Data extracted from a collection:
☆ ☆ ☆ ☆ ☆ ☆ ☆

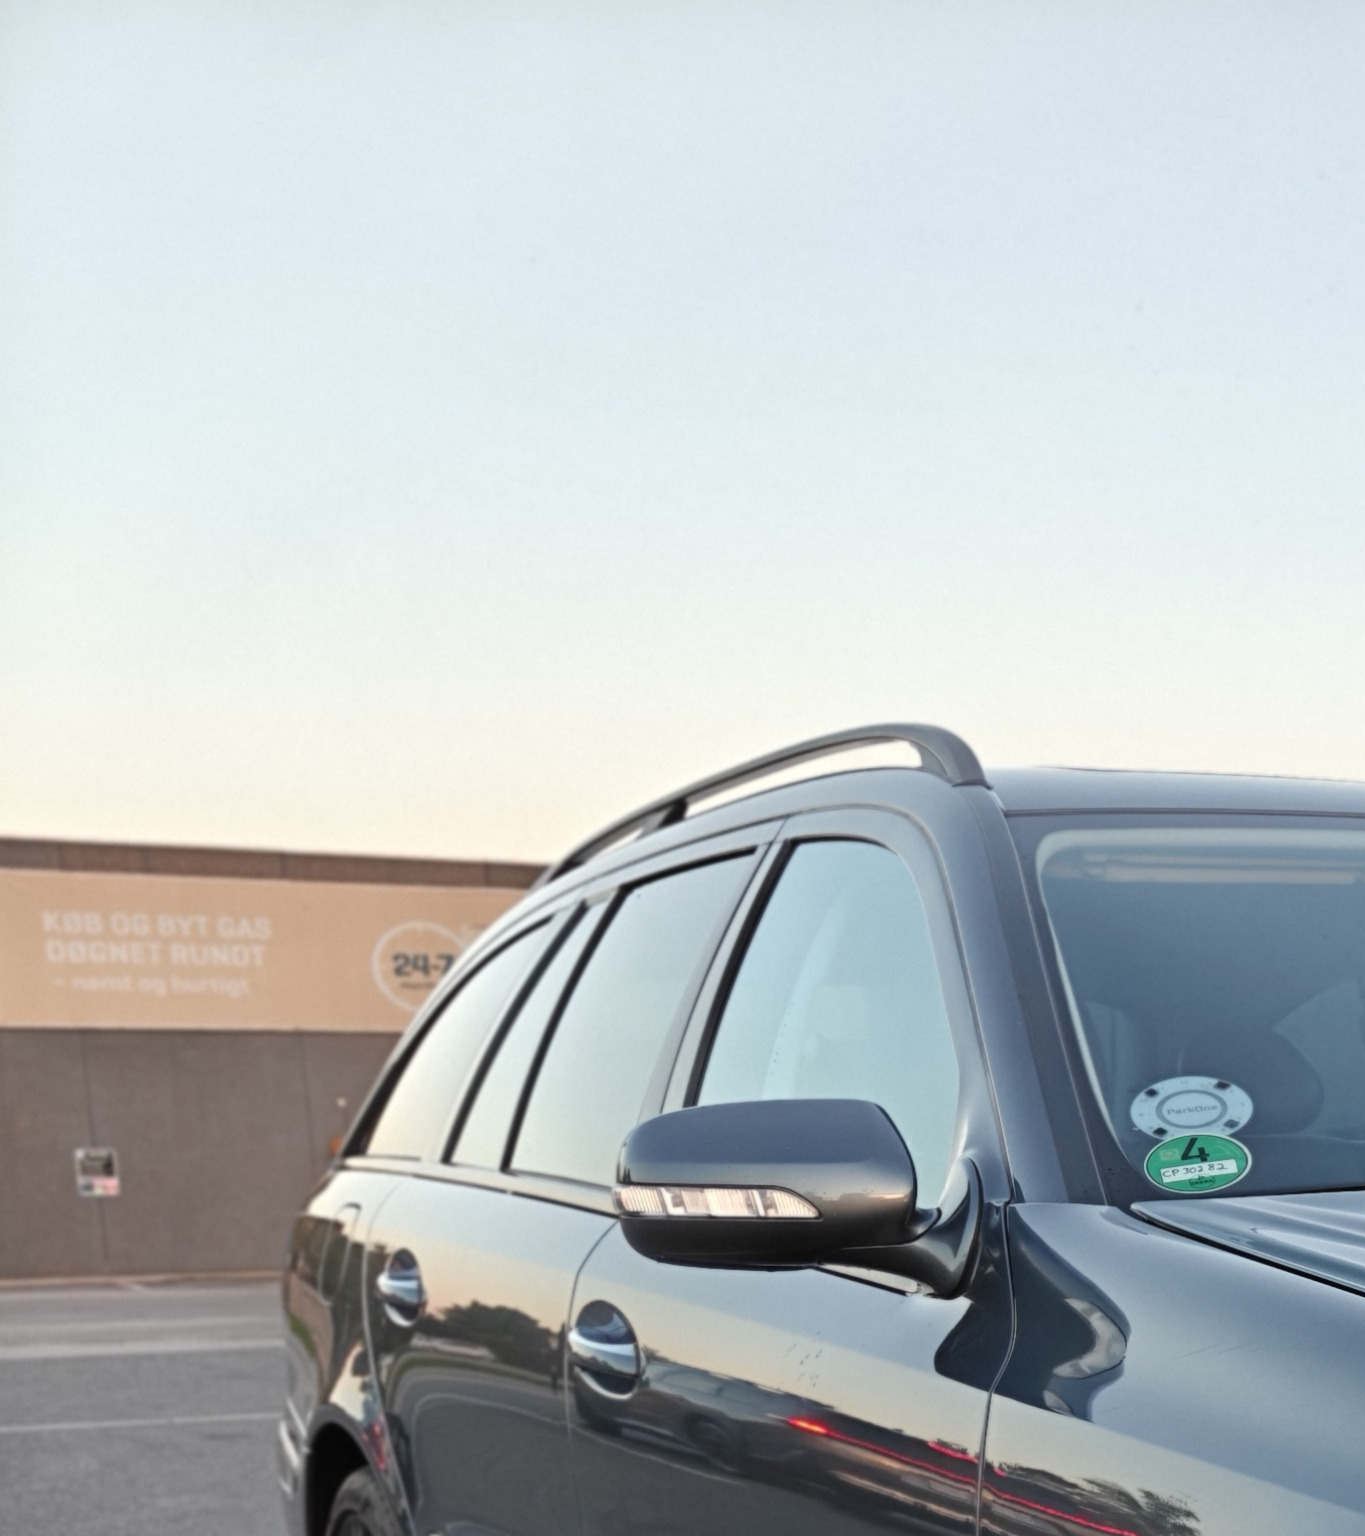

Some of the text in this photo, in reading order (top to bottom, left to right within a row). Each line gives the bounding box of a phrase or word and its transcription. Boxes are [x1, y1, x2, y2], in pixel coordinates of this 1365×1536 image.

[110, 912, 150, 936] OG
[157, 914, 208, 937] BYT
[217, 915, 271, 939] GAS
[1167, 1105, 1218, 1116] ParkOne
[1181, 1137, 1210, 1162] 4
[1162, 1168, 1180, 1178] CP
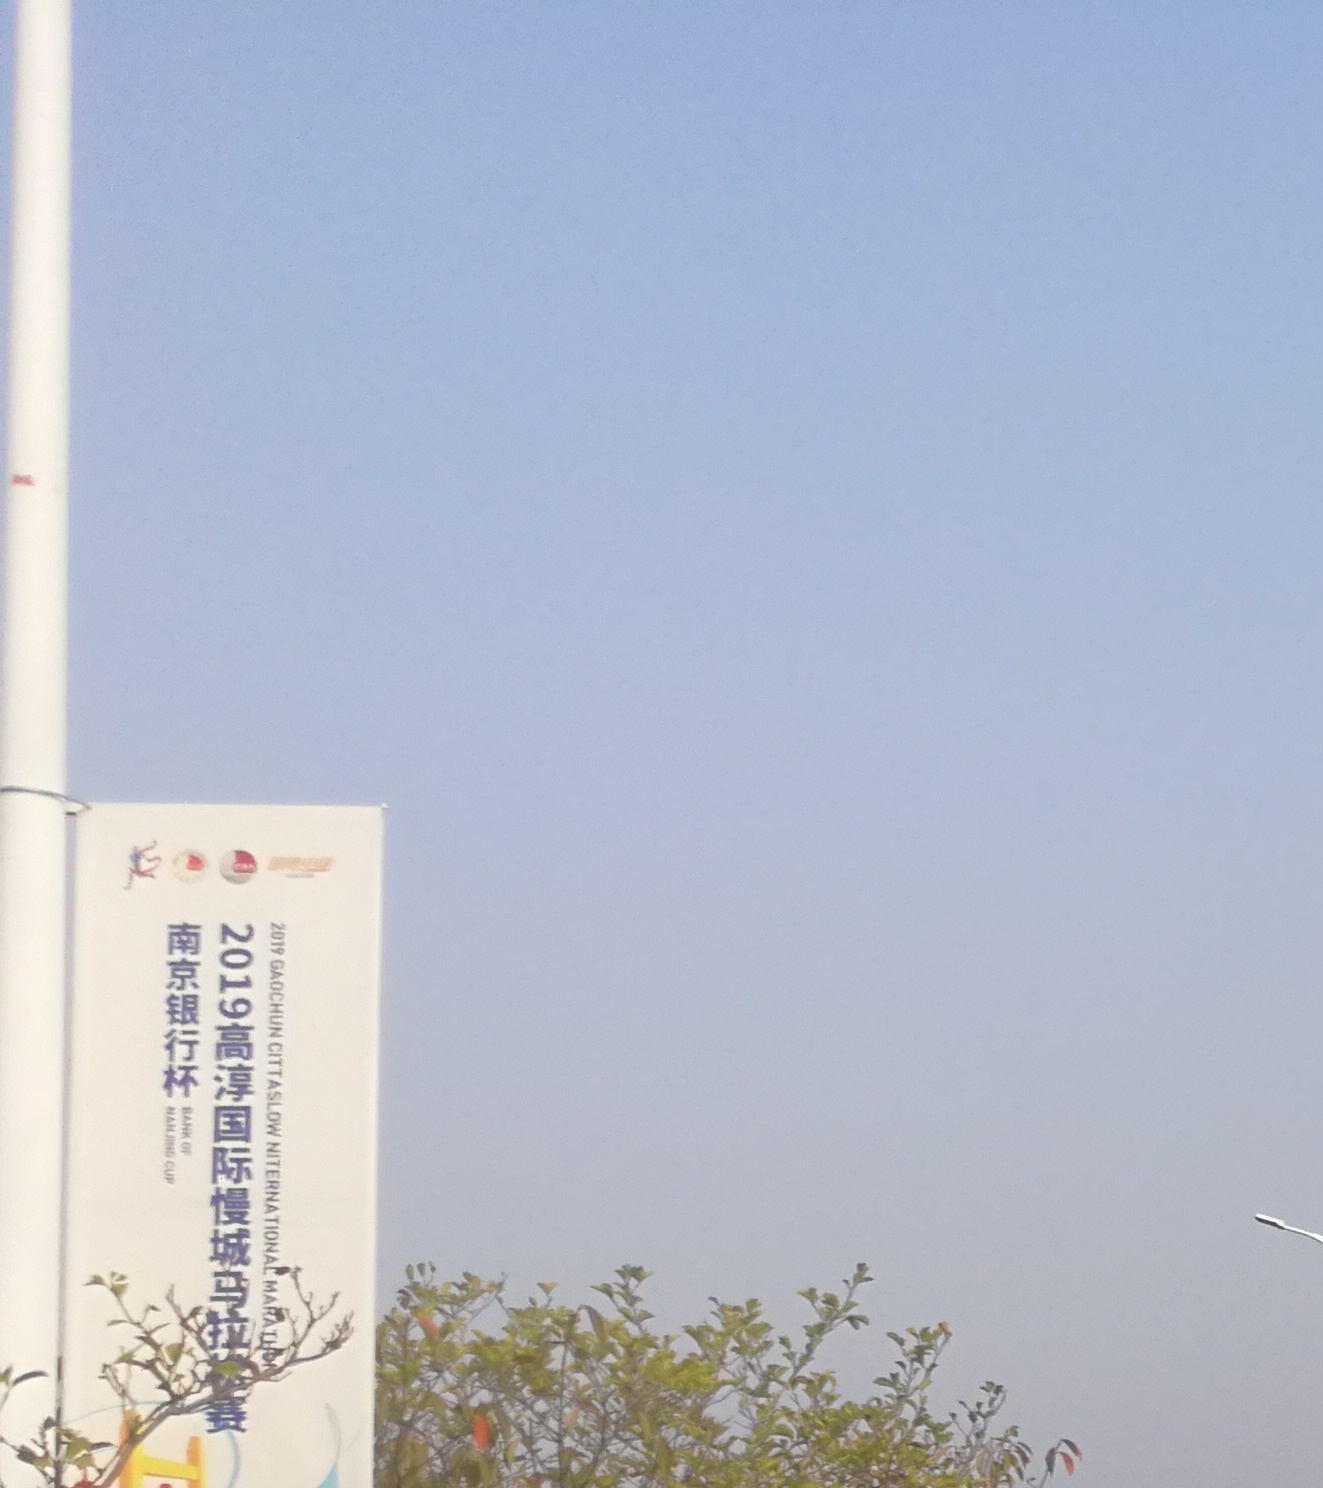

☆ ☆ ☆ ☆ ☆ ☆ ☆

YOUR TASK: Transcribe all of the records exactly, without reproducing their pictures.

SOLUTION TO THE PROBLEM:
Some of the text in this photo, in reading order (top to bottom, left to right within a row). Each line gives the bounding box of a phrase or word and its transcription. Boxes are [x1, y1, x2, y2], in pixel coordinates of this 1365×1536 image.

[110, 912, 150, 936] OG
[157, 914, 208, 937] BYT
[217, 915, 271, 939] GAS
[1167, 1105, 1218, 1116] ParkOne
[1181, 1137, 1210, 1162] 4
[1162, 1168, 1180, 1178] CP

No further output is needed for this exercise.